Dell EMC identified vulnerabilities in the iDRAC (Integrated Dell Remote Access Controller) management platform on Dell PowerEdge servers, including three used as platforms for the RSA Authentication Manager hardware appliance.

Dell EMC iDRAC response to multiple CVE's June 2018

(Dell EMC Whitepaper)

http://en.community.dell.com/techcenter/extras/m/white_papers/20487494

Affected Products:

• RSA SecurID Hardware Appliance Model 130 based on the Dell PowerEdge R230
• RSA SecurID Hardware Appliance Model 250 based on the Dell PowerEdge R630
• RSA SecurID Hardware Appliance Model 250 based on the Dell PowerEdge R710

Note: To determine your hardware platform, see the following Knowledgebase article: 

000036316 - How to determine the RSA Authentication Manager 8.x hardware platform 

Recommendation:

RSA recommends that customers using the Dell PowerEdge R230 and Dell PowerEdge R630 hardware platform apply the firmware patch for iDRAC8.

RSA recommends that customers using the Dell PowerEdge R710 hardware platform apply the firmware patch for iDRAC6.

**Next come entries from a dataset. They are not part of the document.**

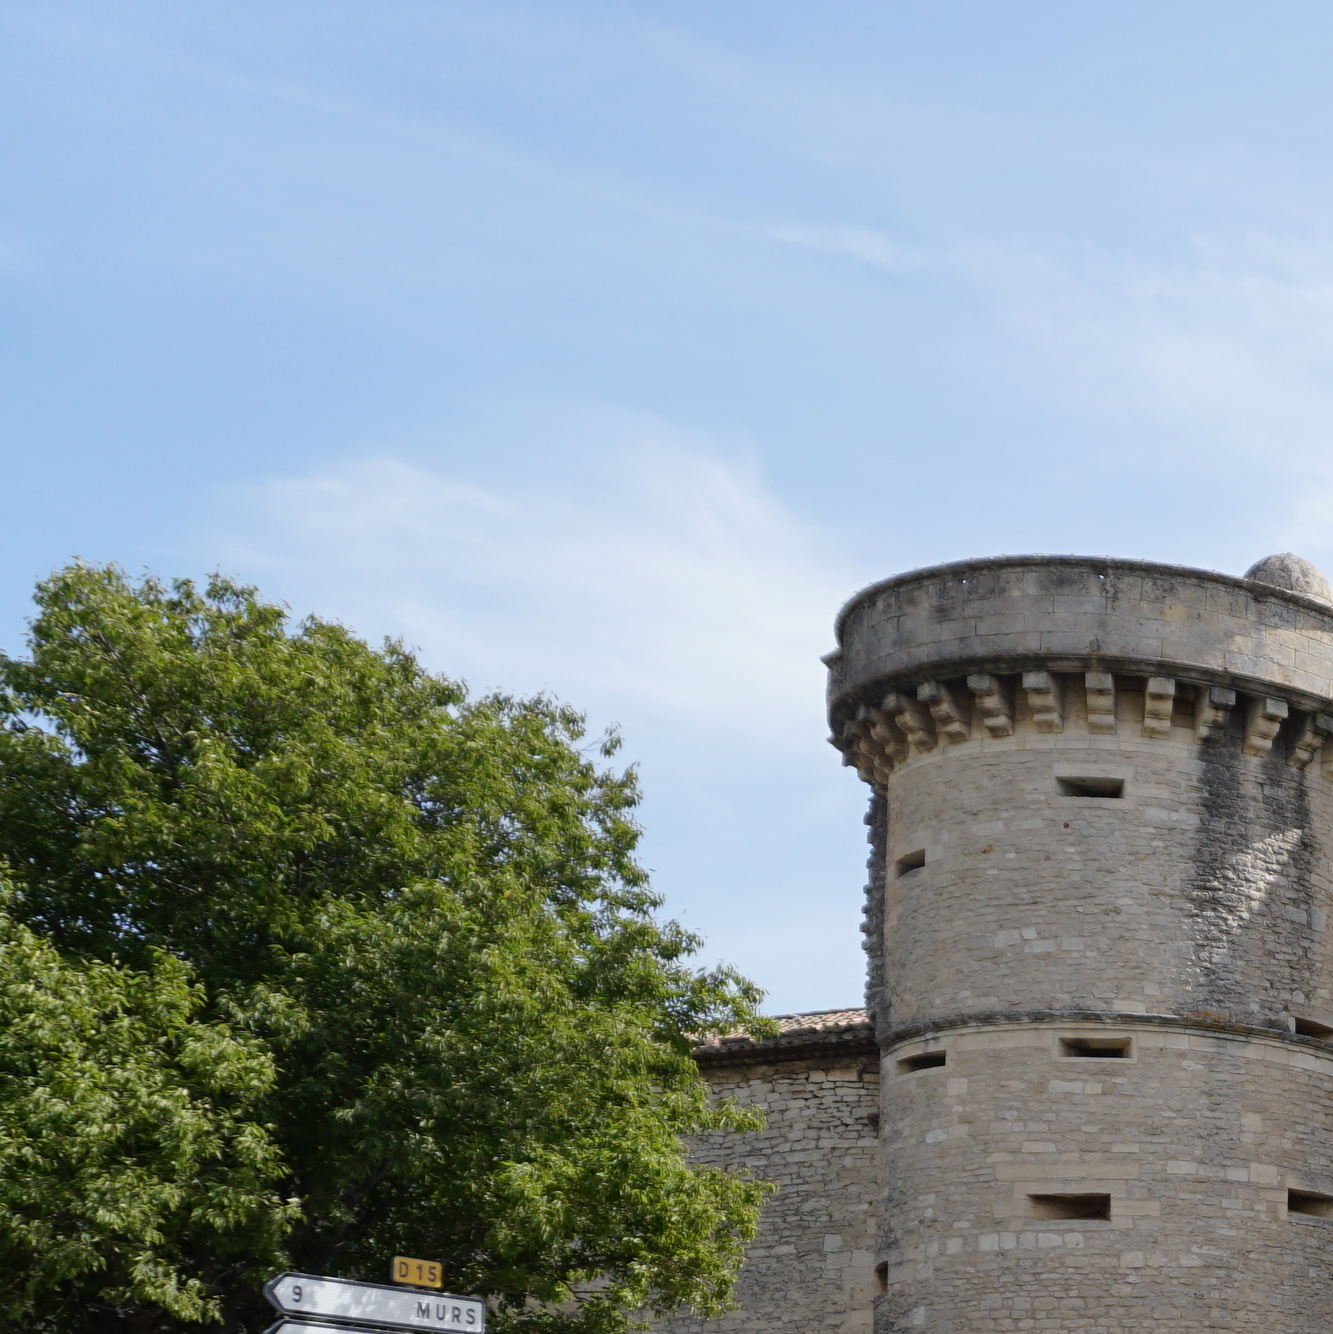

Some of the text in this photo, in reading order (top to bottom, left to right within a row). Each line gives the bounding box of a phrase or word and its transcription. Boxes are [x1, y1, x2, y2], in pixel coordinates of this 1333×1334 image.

[398, 1264, 438, 1282] D 15
[292, 1285, 303, 1303] 9
[416, 1301, 476, 1325] MURS
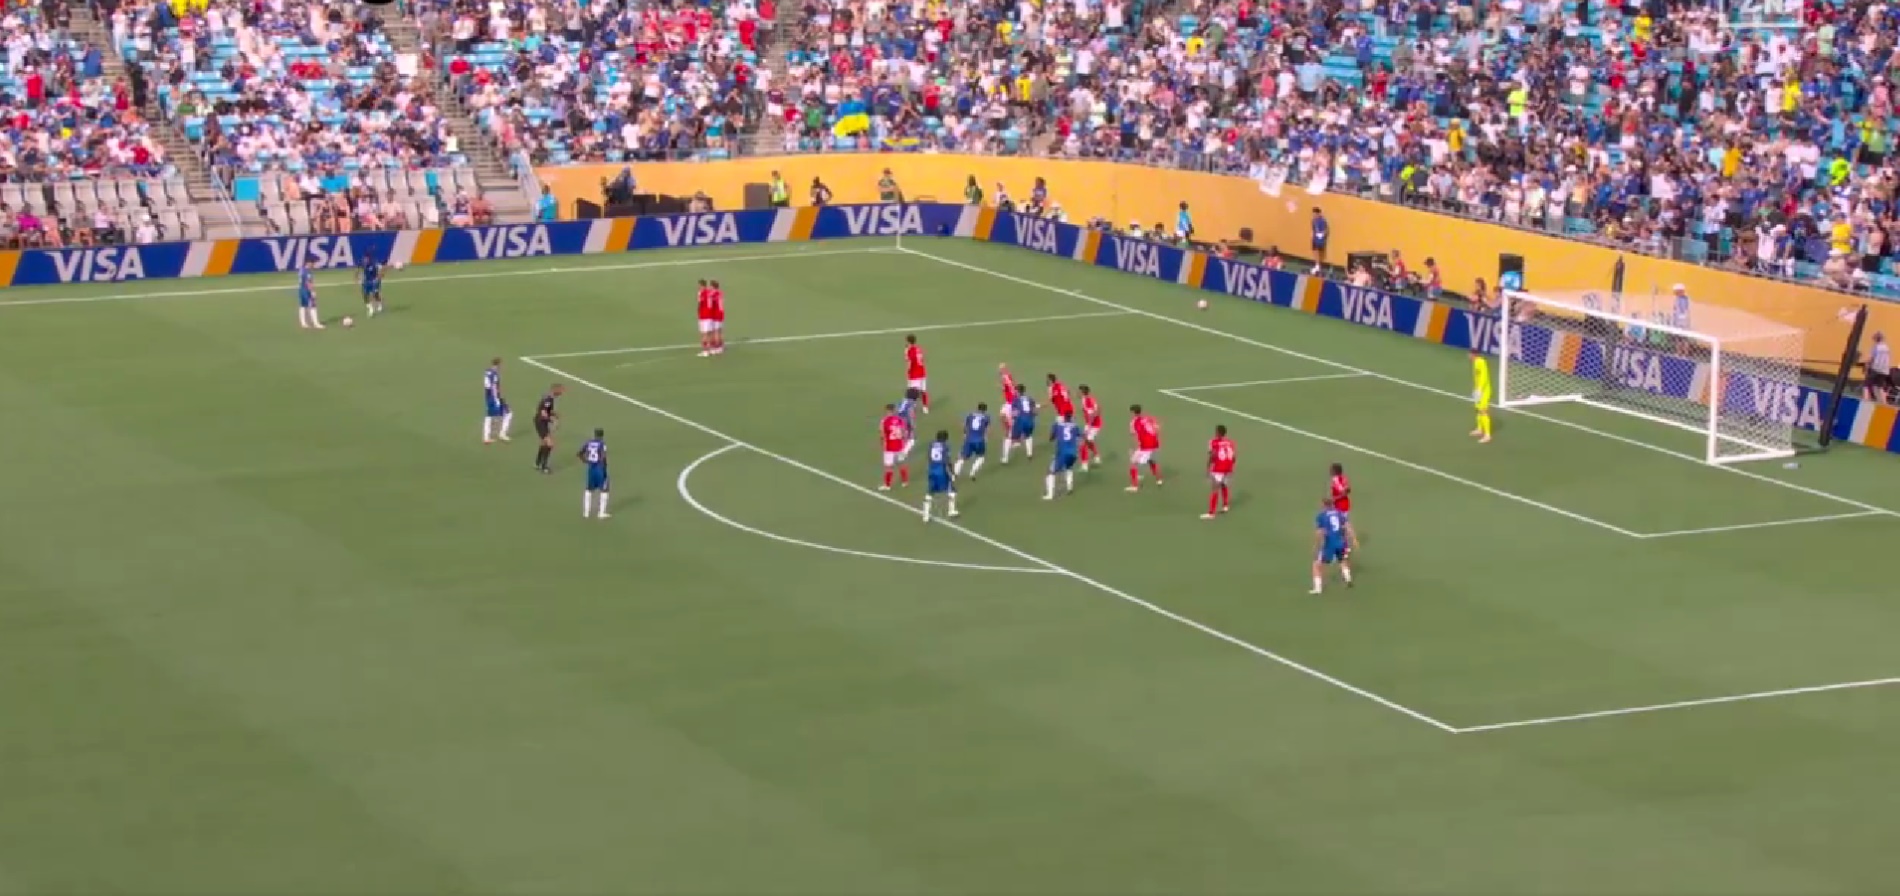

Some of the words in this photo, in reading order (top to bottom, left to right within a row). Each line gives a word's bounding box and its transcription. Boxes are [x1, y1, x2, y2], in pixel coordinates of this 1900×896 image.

[661, 213, 739, 246] VISA
[838, 204, 924, 235] VISA
[1013, 213, 1057, 254] VISA
[260, 236, 353, 271] VISA
[467, 225, 551, 258] VISA
[1113, 237, 1160, 277] VISA
[45, 248, 144, 282] VISA
[1221, 260, 1272, 303] VISA
[1337, 285, 1393, 330] VISA
[1751, 376, 1823, 432] VISA
[1329, 515, 1340, 532] 9

Dell EMC iDRAC7/iDRAC8 version 2.60.60.60

Download the Windows self-extracting executable version of the patch from

https://downloads.dell.com/FOLDER05025737M/1/

Dell EMC iDRAC6 version 2.91 for Monolithic servers

Download the Windows self-extracting executable version of the patch from

https://downloads.dell.com/FOLDER05060172M/1/

Important: Please use the following instructions for updating the iDRAC firmware:

https://www.dell.com/support/article/us/en/04/sln292363/poweredge-server-updating-firmware-through-the-idrac?lang=en

EOPS Policy:

RSA has a defined End of Primary Support policy associated with all major versions. Please refer to the Product Version Life Cycle for additional details.